Thursday, November 12, 2009

Money Tricks

Money Tricks:
The general consensus among most parents, but especially sped parents, is that our kid’s medical bills are astronomical. I’m guessing most of us are on a payment plan with the hospitals. That’s our life. Plain and simple. I’m here to tell you that while our money may be counted for every penny, there are ways for you to set some money aside for yourself. Yes, I dared say it. Money just for you….not your children. Here’s a few tricks just for you…..

Did you know you can claim some medical expenses on your taxes? You will need to use an accountant who knows what they are doing with this particular topic! Fact is SPED kids have a lot of medical bills and a lot of extra expenses that you can’t claim on your taxes but that make life livable (like Sami’s toilet platform, clothes that fit, organic food). That’s where the accountant can help you sort through. The only time we were able to use the medical tax deduction was when we built our house. It was very tricky because we had to itemize each special expense compared to a normal house building expense (example: a normal door was $88 and ours were $108 because they were wider – we could use the $20 difference in our figures). Check with your accountant, but as I understand it, anything surpassing 7.5% of your salary spent for out of pocket medical stuff could be used as a tax credit type thingy (hey, I’m not an accountant). So, if you make $50,000, you’d have to spend more than $3750 in out of pocket expenses. Every dollar over the $3750 could be counted – not the first $3750. Check out the IRS website for specifics at . It’s worth it if you are really racking up the hospital visits and living accommodations. Even your mileage counts.

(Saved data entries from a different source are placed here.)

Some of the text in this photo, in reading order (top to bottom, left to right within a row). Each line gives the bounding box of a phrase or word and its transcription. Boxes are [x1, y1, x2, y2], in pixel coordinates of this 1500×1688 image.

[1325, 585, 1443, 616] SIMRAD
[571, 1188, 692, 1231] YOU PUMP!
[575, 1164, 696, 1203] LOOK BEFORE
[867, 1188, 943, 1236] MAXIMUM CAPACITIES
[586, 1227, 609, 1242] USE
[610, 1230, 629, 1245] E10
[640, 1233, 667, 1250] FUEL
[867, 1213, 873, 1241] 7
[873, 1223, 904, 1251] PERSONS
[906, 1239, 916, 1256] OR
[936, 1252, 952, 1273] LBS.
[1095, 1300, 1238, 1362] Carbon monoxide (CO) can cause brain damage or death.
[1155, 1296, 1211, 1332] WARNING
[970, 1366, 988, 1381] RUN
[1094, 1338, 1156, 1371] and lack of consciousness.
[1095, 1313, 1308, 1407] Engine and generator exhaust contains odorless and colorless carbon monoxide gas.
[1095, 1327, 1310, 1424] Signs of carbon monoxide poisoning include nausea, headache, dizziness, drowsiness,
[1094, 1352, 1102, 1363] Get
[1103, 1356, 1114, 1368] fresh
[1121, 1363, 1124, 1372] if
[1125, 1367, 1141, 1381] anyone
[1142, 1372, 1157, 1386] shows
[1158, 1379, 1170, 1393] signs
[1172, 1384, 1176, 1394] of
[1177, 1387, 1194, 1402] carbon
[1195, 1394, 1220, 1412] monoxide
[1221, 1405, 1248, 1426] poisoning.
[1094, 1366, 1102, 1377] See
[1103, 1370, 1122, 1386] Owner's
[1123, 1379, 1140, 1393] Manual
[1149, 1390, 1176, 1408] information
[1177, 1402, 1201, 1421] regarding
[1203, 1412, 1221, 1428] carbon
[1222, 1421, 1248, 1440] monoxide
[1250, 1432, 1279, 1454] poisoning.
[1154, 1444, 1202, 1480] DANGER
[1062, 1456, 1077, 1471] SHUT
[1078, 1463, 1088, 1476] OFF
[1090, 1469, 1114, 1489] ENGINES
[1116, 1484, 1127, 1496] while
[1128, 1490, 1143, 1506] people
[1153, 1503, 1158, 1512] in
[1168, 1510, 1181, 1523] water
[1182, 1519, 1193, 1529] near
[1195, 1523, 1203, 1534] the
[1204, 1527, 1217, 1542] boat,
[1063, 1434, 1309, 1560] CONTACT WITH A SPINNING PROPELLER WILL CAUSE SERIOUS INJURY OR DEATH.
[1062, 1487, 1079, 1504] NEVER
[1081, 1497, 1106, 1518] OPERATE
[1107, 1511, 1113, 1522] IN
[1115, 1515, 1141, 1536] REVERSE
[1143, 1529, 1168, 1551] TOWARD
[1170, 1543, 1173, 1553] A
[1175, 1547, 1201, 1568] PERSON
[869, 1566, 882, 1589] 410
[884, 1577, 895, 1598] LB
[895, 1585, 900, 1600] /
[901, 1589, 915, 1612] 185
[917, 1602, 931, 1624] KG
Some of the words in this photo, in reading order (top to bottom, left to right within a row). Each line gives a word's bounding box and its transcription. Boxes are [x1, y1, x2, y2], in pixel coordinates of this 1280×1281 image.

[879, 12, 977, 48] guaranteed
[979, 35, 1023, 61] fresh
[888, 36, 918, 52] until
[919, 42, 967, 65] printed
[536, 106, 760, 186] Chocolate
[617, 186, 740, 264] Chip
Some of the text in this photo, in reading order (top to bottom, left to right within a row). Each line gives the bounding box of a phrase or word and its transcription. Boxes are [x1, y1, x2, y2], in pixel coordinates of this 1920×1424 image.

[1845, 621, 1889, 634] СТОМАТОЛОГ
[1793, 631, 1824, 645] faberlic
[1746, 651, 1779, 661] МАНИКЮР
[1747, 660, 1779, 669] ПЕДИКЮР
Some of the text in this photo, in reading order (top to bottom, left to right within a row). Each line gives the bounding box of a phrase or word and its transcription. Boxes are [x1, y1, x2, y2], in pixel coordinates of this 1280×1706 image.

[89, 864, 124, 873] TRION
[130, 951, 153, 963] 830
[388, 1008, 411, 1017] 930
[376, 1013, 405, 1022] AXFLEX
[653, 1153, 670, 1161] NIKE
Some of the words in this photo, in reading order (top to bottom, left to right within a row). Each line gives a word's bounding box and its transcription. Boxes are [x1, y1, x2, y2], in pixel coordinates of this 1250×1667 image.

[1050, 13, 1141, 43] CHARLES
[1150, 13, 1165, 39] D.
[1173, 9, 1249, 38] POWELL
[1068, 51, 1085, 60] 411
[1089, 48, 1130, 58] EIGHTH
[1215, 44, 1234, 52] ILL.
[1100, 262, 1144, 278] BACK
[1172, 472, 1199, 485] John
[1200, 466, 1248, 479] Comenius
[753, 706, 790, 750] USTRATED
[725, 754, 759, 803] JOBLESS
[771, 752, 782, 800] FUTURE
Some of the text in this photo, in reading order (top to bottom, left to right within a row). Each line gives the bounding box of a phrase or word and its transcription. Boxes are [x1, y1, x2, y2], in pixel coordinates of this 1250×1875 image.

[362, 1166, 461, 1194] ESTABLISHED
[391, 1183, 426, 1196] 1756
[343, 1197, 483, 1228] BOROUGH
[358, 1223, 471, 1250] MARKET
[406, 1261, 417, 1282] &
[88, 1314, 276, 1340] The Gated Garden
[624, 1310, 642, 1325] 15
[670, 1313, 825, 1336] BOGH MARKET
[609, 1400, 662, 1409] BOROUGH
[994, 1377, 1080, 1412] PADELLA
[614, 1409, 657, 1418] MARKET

And speaking of IRS regulations: A 401(k), 403(b), and 457 are all retirement plans you can contribute to through payroll deductions (ingeniously named after the codes). Each has limits to the deposit amounts and each has it’s own rules about how long you have to keep the money in the account (and penalties for early withdraws – it’s retirement money, not a savings account). The great thing about these plans is that they are automatically done in payroll so you aren’t writing checks with what’s left at the end of the month and the limits are much higher than personal IRA’s so you can really sock away some funds for yourself! And if you are lucky, your employer will match some of your contributions for a little extra boost.

Knowledge is Power:
For each of these plans, you can choose Mutual Funds or Annuities to invest in. Both are just collections of stocks and bonds in nice little packages.
Stocks = pieces of ownership in a company, higher risk
Bonds = basically IOU’s, low risk, low returns

I like to think of Mutual Funds as pizzas. You have stocks and bonds that are like the toppings all spread out so that everyone gets a little bit, and you are only buying a slice of the pizza. Lots of people can put in their $5 and get a slice too. It’s a way to diversify and obtain many different stocks without having to put all of your nest egg into just one company (Enron anyone?). Mutual Fund companies differ in their hands on approaches. Some let you do most of it, some have more involved advisors.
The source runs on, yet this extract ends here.